Kyle Jensen / The Record — Langley Ethics Training and Advisory Board member Bob French reads an advisory opinion. The board determined its own member, Monica Guzman, wasn’t unethical when she branded Langley city council candidate Burt Beusch as a Donald Trump supporter in a public forum.

Nothing wrong with letter, Langley ethics board says

Asked to review alleged misconduct, the Langley Ethics Training and Advisory Board cleared one of its own, Monica Guzman, of wrongdoing.

The ethics board announced its finding Monday during its monthly meeting.

Langley Councilman Burt Beusch claimed Guzman acted inappropriately when she publicly accused him of being a Donald Trump supporter.

Beusch’s claim stemmed from a letter to the editor written by Guzman and published in the Oct. 18 edition of The South Whidbey Record. In her letter, Guzman also declared her political affiliation.

The ethics board determined that Guzman has a right to voice her opinion in a public forum.

“… it is the opinion of the Langley Ethics Training and Advisory Board that no ethical misconduct occurred as a result of Ms. Guzman’s use of the letter to express her thoughts publicly in any manner and setting she desired,” said Bob Frause, ethics board chairman.

Because the complaint involved Guzman, she agreed to recuse herself temporarily from the investigation. She also recused herself from participation in three other cases the Ethics Board deliberated on.

Frause said she was asked to step away from all of the cases being reviewed so the merits of the board’s decisions regarding other issues weren’t thrown into doubt.

Guzman said she never intended to resign as a result of the accusations, something Beusch suggested in his complaint.

“I’m asking you look into this matter and seriously consider if Ms. Guzman’s damaging letter is representative of somebody who should continue to serve on the Ethics Committee,” Beusch wrote.

Guzman did, however, offer an apology for not stating in her letter that she was writing as a private citizen.

Her letter to the editor didn’t state she was a member of the ethics board, nor did it mention she was speaking on her own behalf.

Beusch had suggested there might be ethical misconduct in her lack of disclosure, according to ethics board documents. However, no section of the ethics code of conduct was cited in the advisory request.

“… It is the ethics board’s opinion that there was no intentional ethical wrongdoing, and thus prefers to accept Ms. Guzman’s publicly stated apology, regarding her oversight in not declaring that her comments were made as a private citizen and not as a member of the ethics board,” Frause said during the meeting.

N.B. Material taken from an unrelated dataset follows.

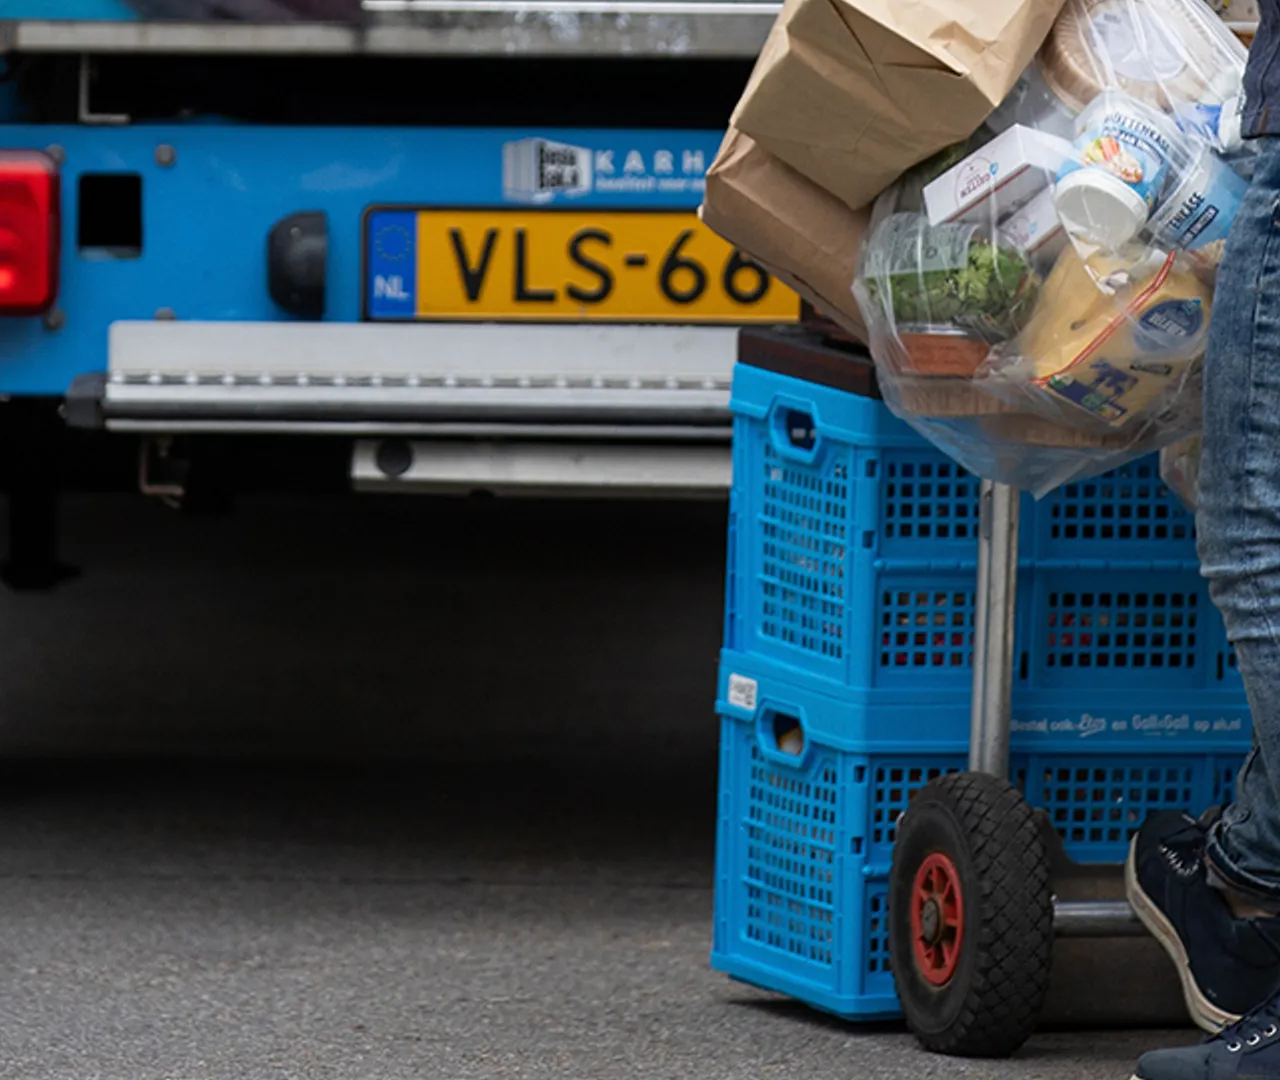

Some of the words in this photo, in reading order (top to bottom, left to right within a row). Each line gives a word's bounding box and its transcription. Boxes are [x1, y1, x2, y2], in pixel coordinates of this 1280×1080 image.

[595, 149, 704, 174] KARH
[448, 226, 770, 304] VLS-66
[373, 274, 410, 301] NL

In her letter, Guzman accused Beusch of being a Trump supporter by quoting statements Beusch made in a news story as well as an email he sent Langley Mayor Tim Callison this past November, prior to his appointment to the city council.

Beusch stated in a Oct. 28 Record article that, as an American, he feels responsible to support the president, but that it’s difficult to support the administration’s decisions and performance.

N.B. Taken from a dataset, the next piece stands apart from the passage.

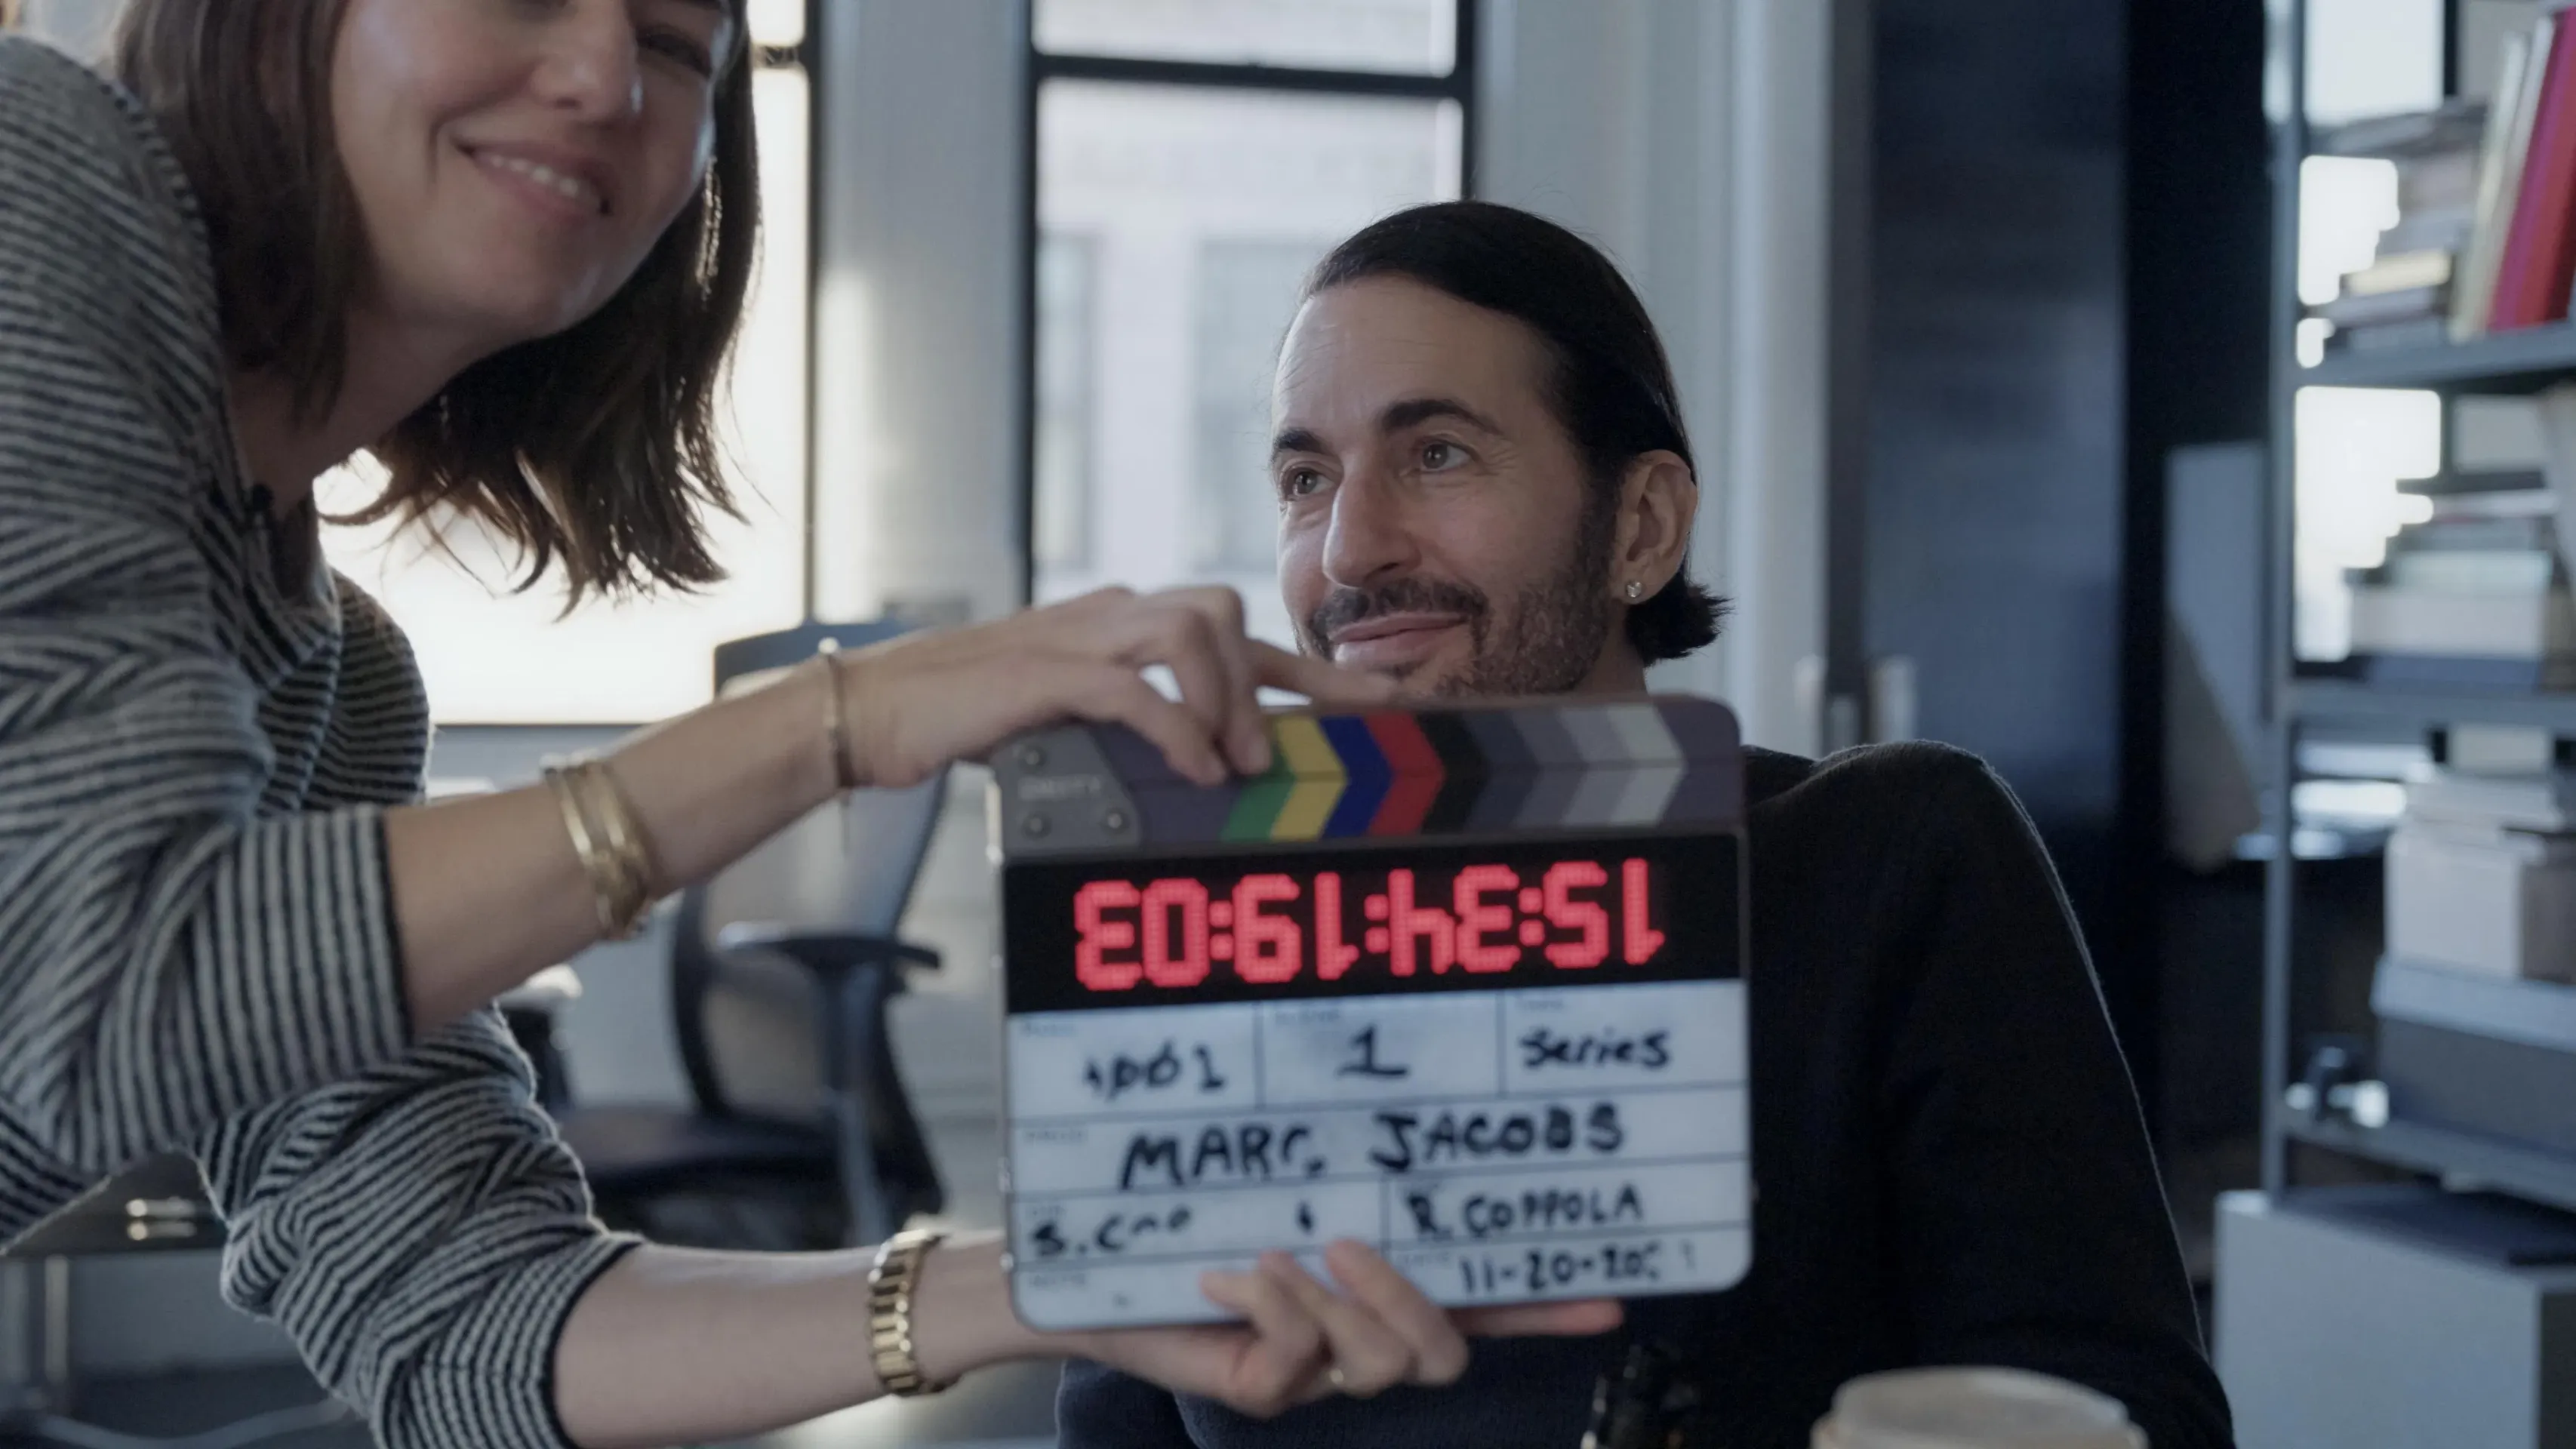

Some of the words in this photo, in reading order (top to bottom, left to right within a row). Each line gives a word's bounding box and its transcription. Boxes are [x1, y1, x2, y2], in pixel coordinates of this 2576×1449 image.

[1334, 1025, 1410, 1078] 1
[1368, 1104, 1624, 1172] JACOBS
[1463, 1182, 1644, 1239] COPPOLA

The letter to Callison stated comparisons at the time between Trump and Adolf Hitler was a stretch.

Beusch, who was at the time seeking reelection to the Langley city council, said Guzman took his comments out of context and that she drew false conclusions while he ran for office. He described Guzman’s letter as “completely inaccurate” and “damaging.”

Guzman described the charge against her as “pretty damaging.”

Beusch lost the election against incoming city councilwoman Christy Korrow after Korrow retrieved 77.19 percent of the votes.